There is a pill for everything now. For the sadness you feel when your life has no meaning. For the agitation you feel when you cannot sit still in a system designed to make you sit still. For the sleeplessness you feel when something in you refuses to go unconscious, refuses to stop registering what is happening, refuses to let you rest inside a life that does not fit.
There is a pill, and the pill works. It does exactly what it says it will do. It quiets the signal. It dampens the alarm. It takes the part of you that was screaming and teaches it, over time, to whisper, and then to stop. Like we do to children: teach them to repress their cries, their intuition, their vitality - to fit it all in what we have capacity for.
What they do not tell you — what the literature buries in the fine print of what they call “side effects” — is that the thing being quieted is not the problem. It is the messenger. It is the part of you that knows everything there is to know.

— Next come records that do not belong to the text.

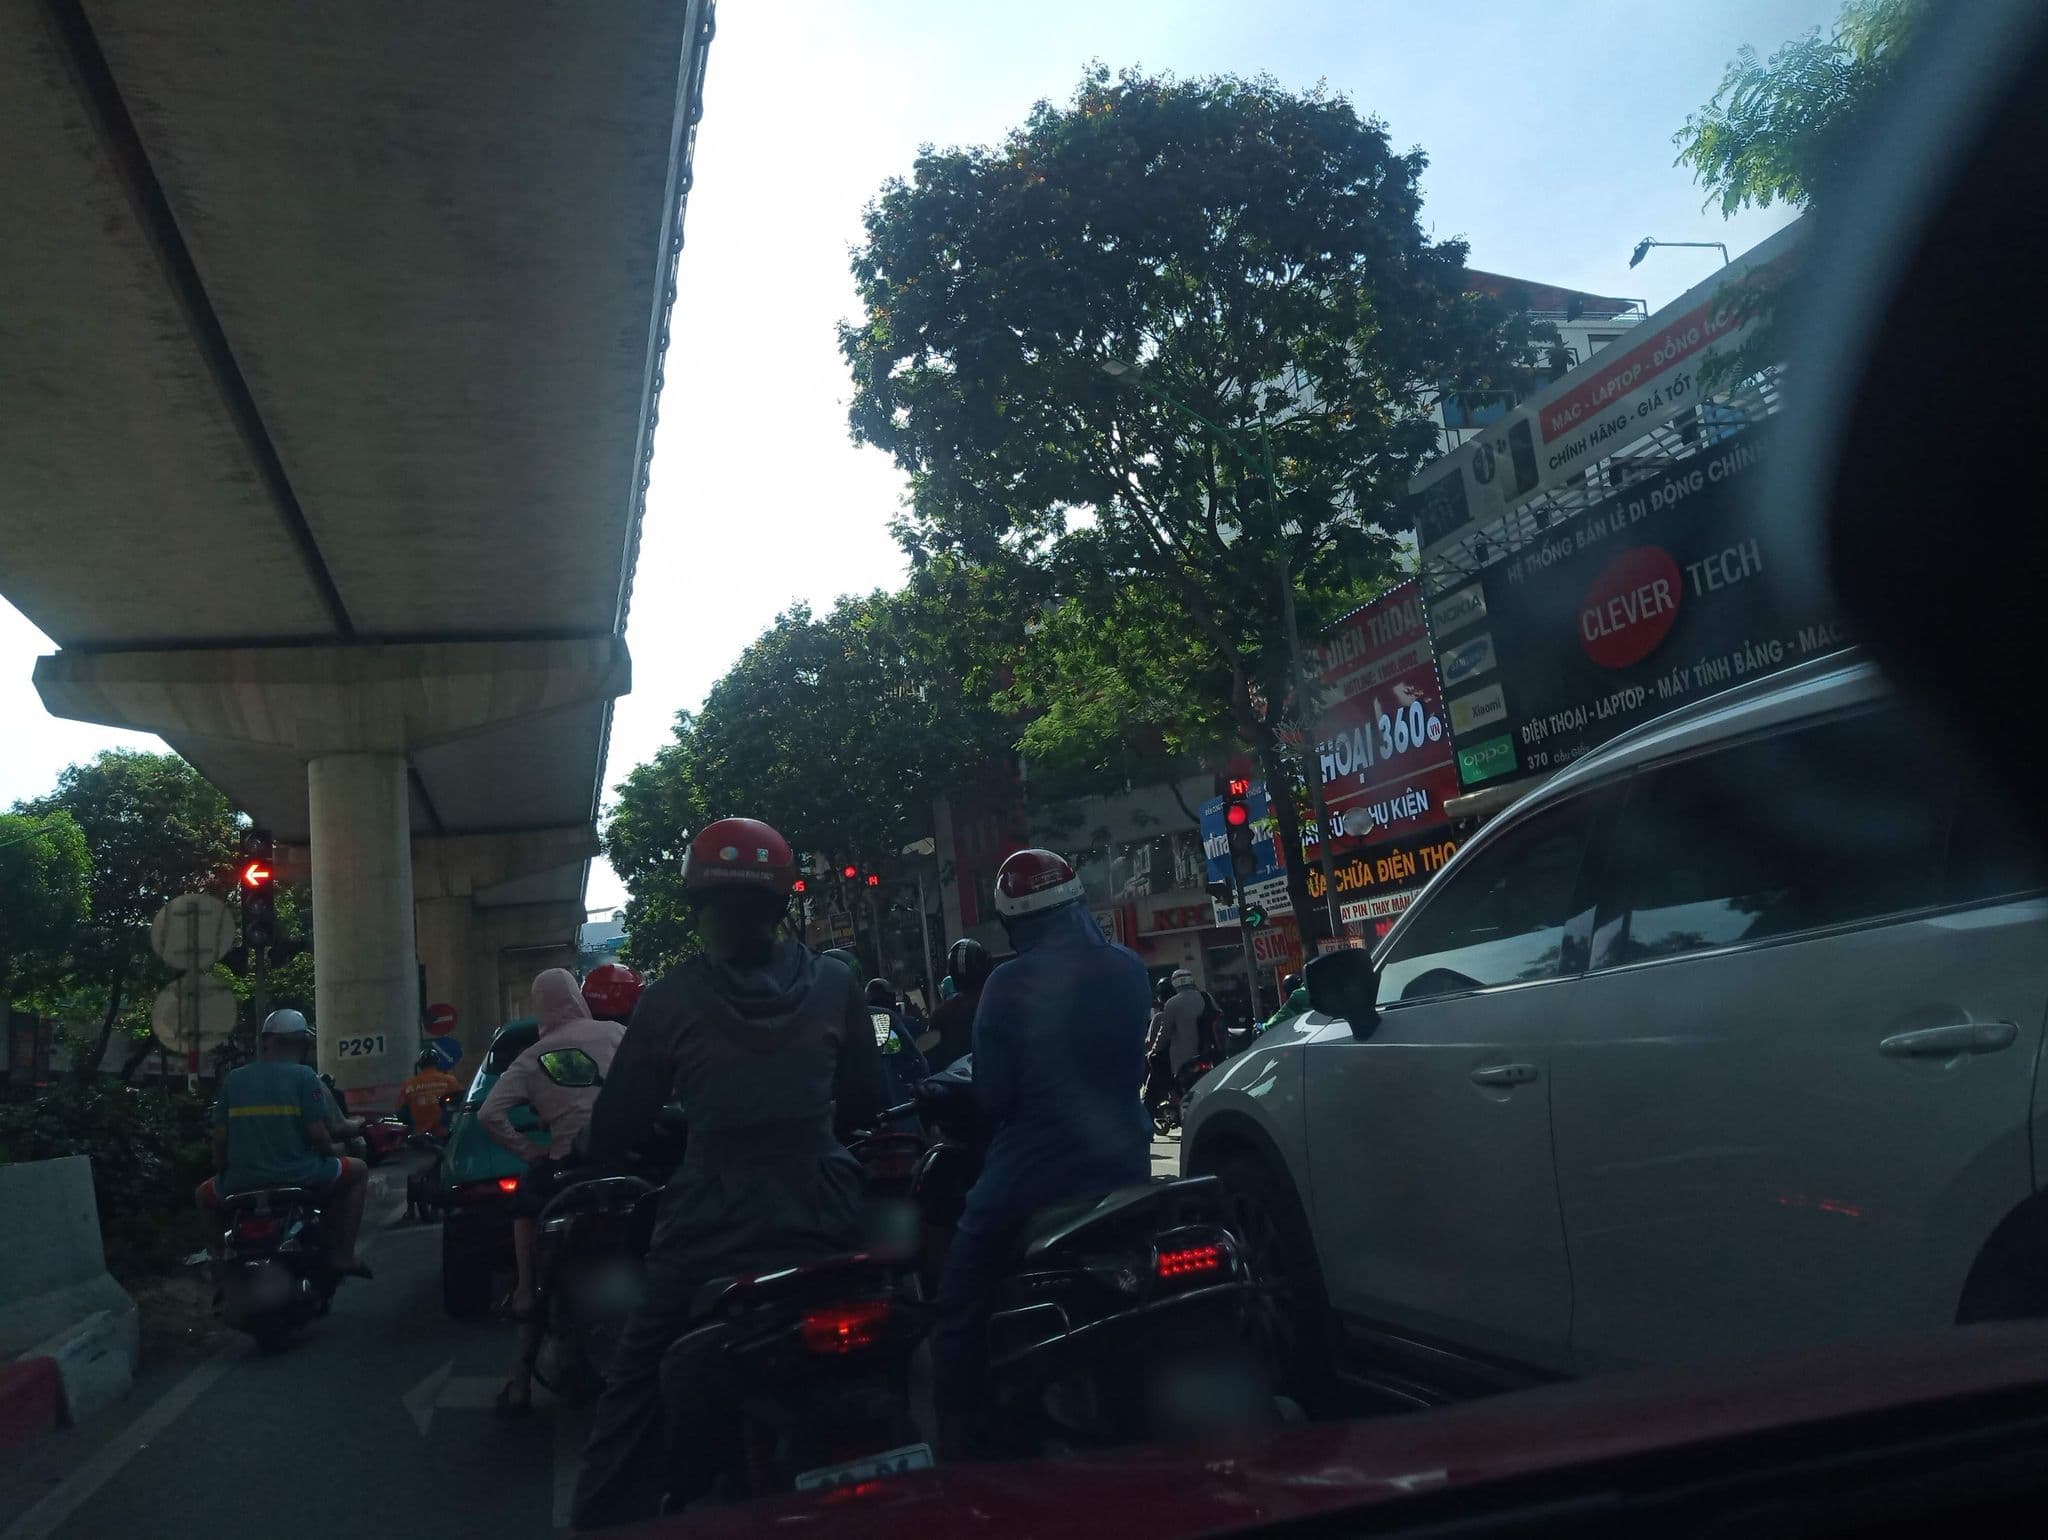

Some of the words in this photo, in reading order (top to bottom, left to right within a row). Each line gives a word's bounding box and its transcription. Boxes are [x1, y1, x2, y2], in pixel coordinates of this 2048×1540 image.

[1552, 403, 1582, 432] MAC
[1591, 363, 1641, 406] LAPTOP
[1549, 433, 1587, 471] CHÍNH
[1636, 390, 1664, 418] GIÁ
[1665, 373, 1692, 401] TỐT
[1629, 498, 1648, 525] DI
[1582, 577, 1676, 641] CLEVER
[1686, 538, 1764, 597] TECH
[1435, 595, 1482, 625] NOKIA
[1521, 719, 1549, 746] ĐIỆN
[1550, 702, 1590, 736] THOẠI
[1595, 686, 1646, 719] LAPTOP
[1657, 665, 1693, 700] MÁY
[1694, 655, 1732, 688] TÍNH
[1733, 639, 1784, 674] BẢNG
[1471, 697, 1502, 718] Xiaomi
[1377, 699, 1425, 760] 360
[1527, 750, 1549, 770] 370
[1391, 787, 1430, 821] KIỆN
[1334, 858, 1375, 893] CHỮA
[1376, 849, 1417, 885] ĐIỆN
[1153, 902, 1212, 931] KFC
[1352, 903, 1368, 917] PIN
[1371, 899, 1390, 915] THAY
[1255, 933, 1287, 961] SIM
[338, 1035, 384, 1057] P291

◆ THE ARCHITECTURE OF THE CAGE
Frantz Fanon understood this before the pharmaceutical industry had perfected its tools. Writing from colonial Algeria in the 1950s, he documented how the colonial system produced madness — not as metaphor, but as clinical outcome — and then used the asylum to contain the evidence of its own violence. The colonized person’s psychological suffering was not a malfunction. It was a rational response to an irrational situation. It was sanity, wearing the only face it could.
We have updated the asylum. We have made it portable, daily, biochemical, entirely voluntary.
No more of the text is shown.